Boicot navideño

Unos días atrás mi hermana y yo sellamos un pacto: no regalarnos nada para esta Navidad. ¿La razón? No queremos ir de compras.

Unos días atrás mi hermana y yo sellamos un pacto: no regalarnos nada para esta Navidad. ¿La razón? No queremos ir de compras. Tanto como un viaje al Parque Arauco o al mall Chino de San Diego nos puede costar el último nervio de aguante que nos queda a estas alturas del año. ¿Exageración? Puede ser. Pero comprar/regalar algo no tiene sentido cuando pierde sentido. Y es fácil perder ese (y cualquier sentido), atrapados en un taco de autos como ocurre por estos días en Santiago, o viendo a figuras de la TV combinando gorros de Viejo Pascuero con escotes tropicales, mientras los chilenos se desmayan de calor en el metro y las casas de Retail celebran la llegada de más clientes endeudados.
Vamos, no es más que el cumple de Jesús.
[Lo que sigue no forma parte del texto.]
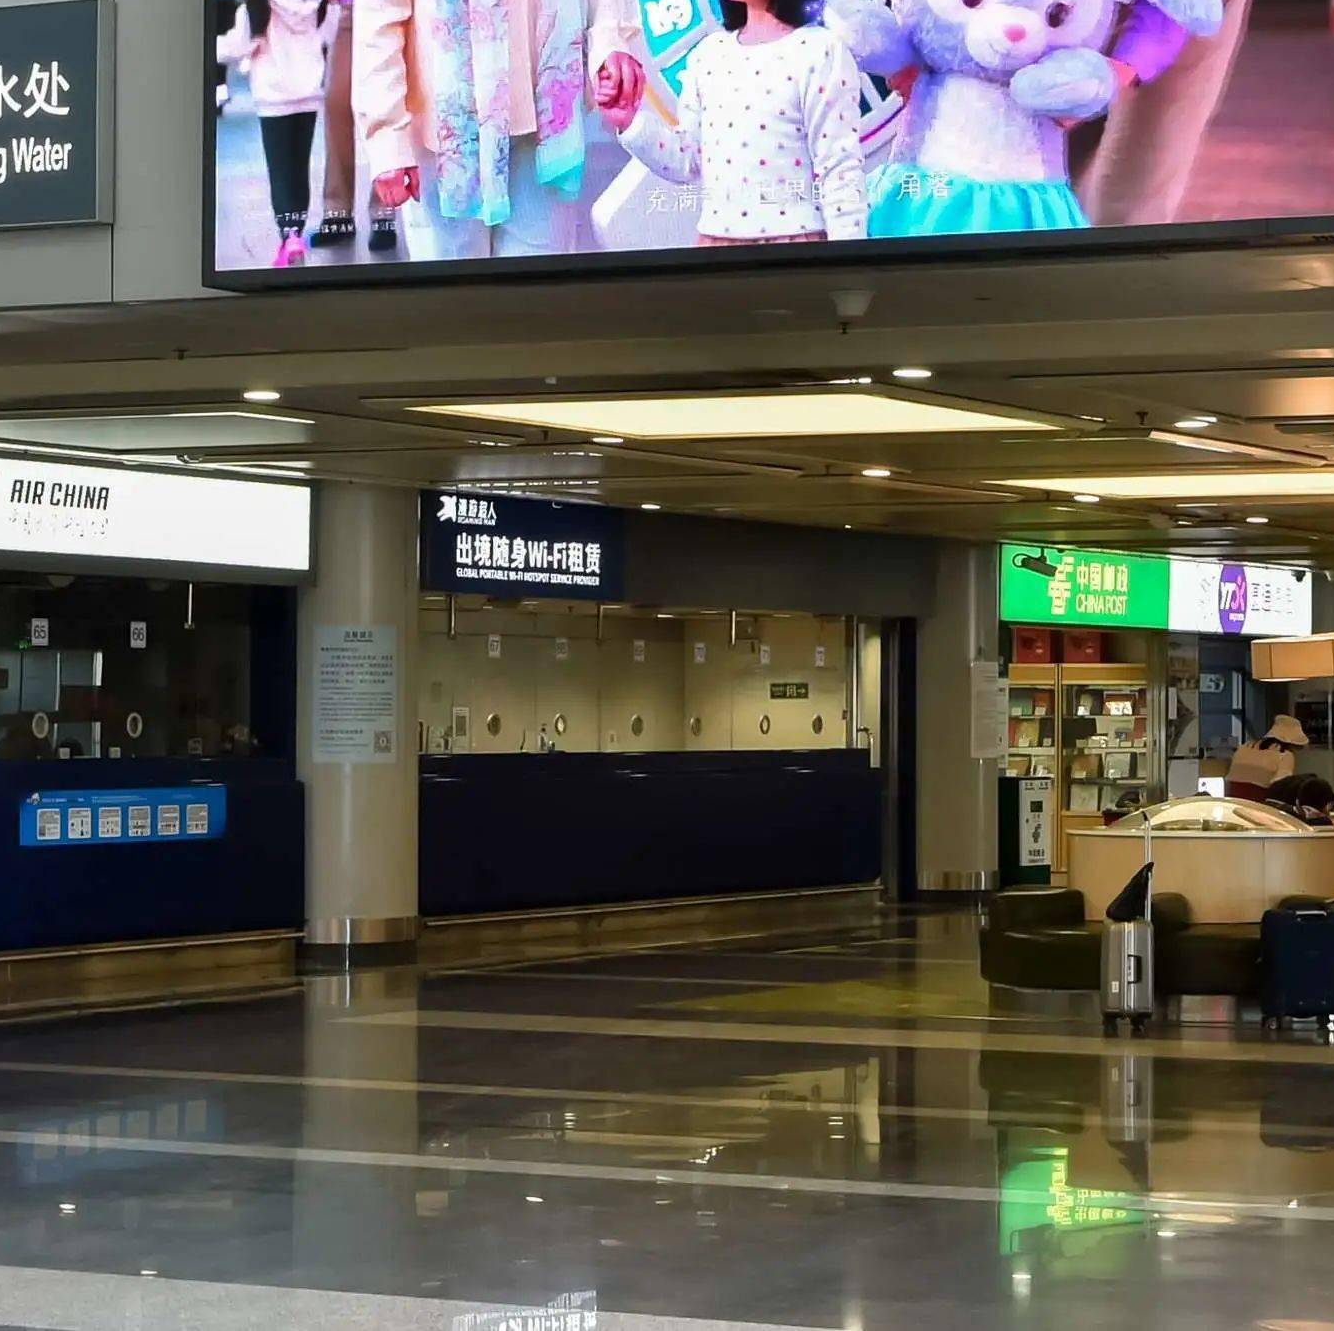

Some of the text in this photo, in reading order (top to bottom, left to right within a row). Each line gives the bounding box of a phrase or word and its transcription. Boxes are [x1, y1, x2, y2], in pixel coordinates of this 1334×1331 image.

[11, 137, 73, 173] Water
[10, 479, 110, 511] AIR CHINA
[455, 531, 602, 574] 出境随身Wi-Fi租赁
[456, 567, 478, 579] GLOBAL
[479, 568, 508, 581] PORTABLE
[524, 572, 550, 584] HOTSPOT
[1075, 558, 1128, 593] 中国邮政
[1075, 592, 1128, 617] CHINA POST
[33, 625, 46, 639] 65
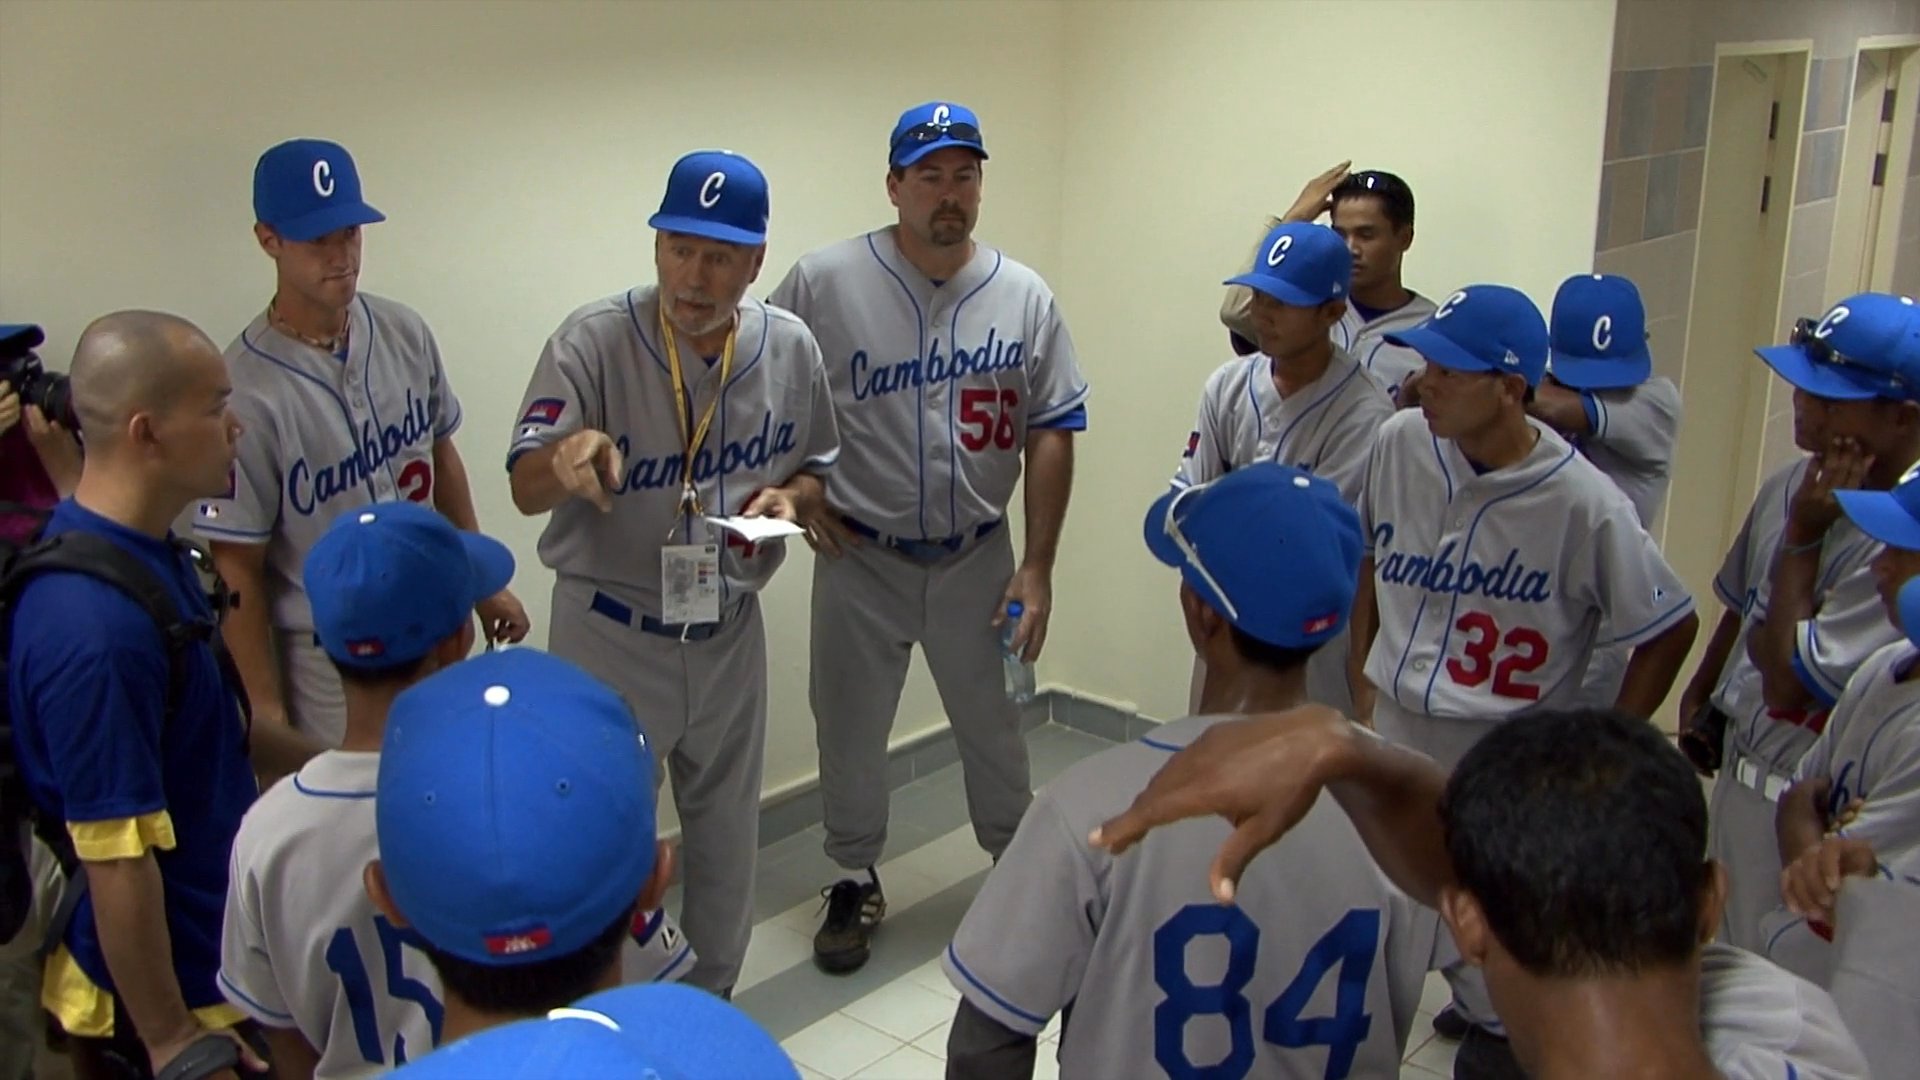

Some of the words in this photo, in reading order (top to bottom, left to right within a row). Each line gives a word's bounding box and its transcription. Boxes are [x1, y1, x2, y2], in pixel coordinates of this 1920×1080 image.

[312, 159, 335, 197] C
[700, 171, 726, 208] C
[1267, 234, 1293, 268] C
[1434, 290, 1467, 319] C
[1591, 314, 1612, 351] C
[1814, 306, 1850, 339] C
[851, 327, 1024, 400] Cambodia
[288, 387, 432, 516] Cambodi
[613, 410, 796, 495] Camboda
[960, 388, 1018, 452] 56
[1374, 522, 1551, 604] Cambodia
[1446, 610, 1549, 700] 32
[325, 914, 446, 1068] 15
[1154, 904, 1381, 1080] 84
La estrella de Belén no está en Almacenes Paris.

Siempre he sentido que hay algo poco natural en el combo Navidad +verano desatado+ karma de fin de año, que debemos digerir a la fuerza quienes vivimos en el Hemisferio Sur. En el norte del globo, Merry Christmas, se consume con guantes de lana, olor a pino verdadero y si se tiene suerte, copos de nieve, coincidiendo además con el primer break del un período laboral que sólo empezó hace tres meses. Allá arriba la gente tiene ganas de celebrar/consumir, acá abajo sólo queremos que todo se acabe. Todo: las deudas, las matriculas escolares, las boletas de las Isapres, las vacaciones de los niños que recién empiezan, este gobierno y otras cosas que sólo madres de mi edad pueden entender y que me niego a poner por escrito para no darle el gusto a Pilar Sordo y a sus secuaces.

La fobia navideña es una enfermedad que ataca a muchas mujeres, sólo que pocas lo admiten. La mayoría insiste en dibujarse una sonrisa con restos de pan de pascua en los dientes. Es cierto; con niños el juego navideño es obligatorio con algunos matices y versiones posibles. No sé si erradicar la Navidad de nuestras vidas sea una solución, pero hay caminos alternativos que llevan a lo mismo, que es festejar en familia y entre amigos una fábula milenaria que sólo terminará de escribirse el día del Apocalipsis.

Volviendo a mi hermana. Le dije: “Ok, nada de regalos, te elijo un libro de mi biblioteca”. Me contestó: “Ok y prescinde de buscarle algo a S.S (su hijo, mi sobrino-ahijado)”. “Demasiado tarde, hace meses le compré un libro, pero sólo por el libro, porque temía que ya no estuviera”, le contesté. “Bueno, como quieras, yo te traigo otro de Paris, cuando vaya en mayo”. Estrechamos palmas de la mano y nos despedimos sintiendo que el secreto de una Navidad offbeat se esconde en las páginas de esos libros que todavía no leemos y que hubiéramos leído igual, sin el auspicio del Viejo Pascuero.

Cuando vivía en Nueva York vi gente leyendo novelas de Stephen King en un desolado Mac Donald el día de Navidad. Conocí a una amiga que se iba a clubes clandestinos de sexo a saciar su sed de festejo. Un matrimonio gay que prefería ver un rotativo de películas de Polanski en su departamento que cocinar un pavo. ¿Qué tal si todos hiciéramos lo que realmente queremos esta Navidad? Mi papá por ejemplo tiene un solo objetivo en las próximas 48 horas: encontrar una mozzarella fresca. Yo y mi hermana tenemos claro lo que no vamos hacer, que es salir a comprar. No es poco. No al menos para una fiesta que parece reducirse a eso.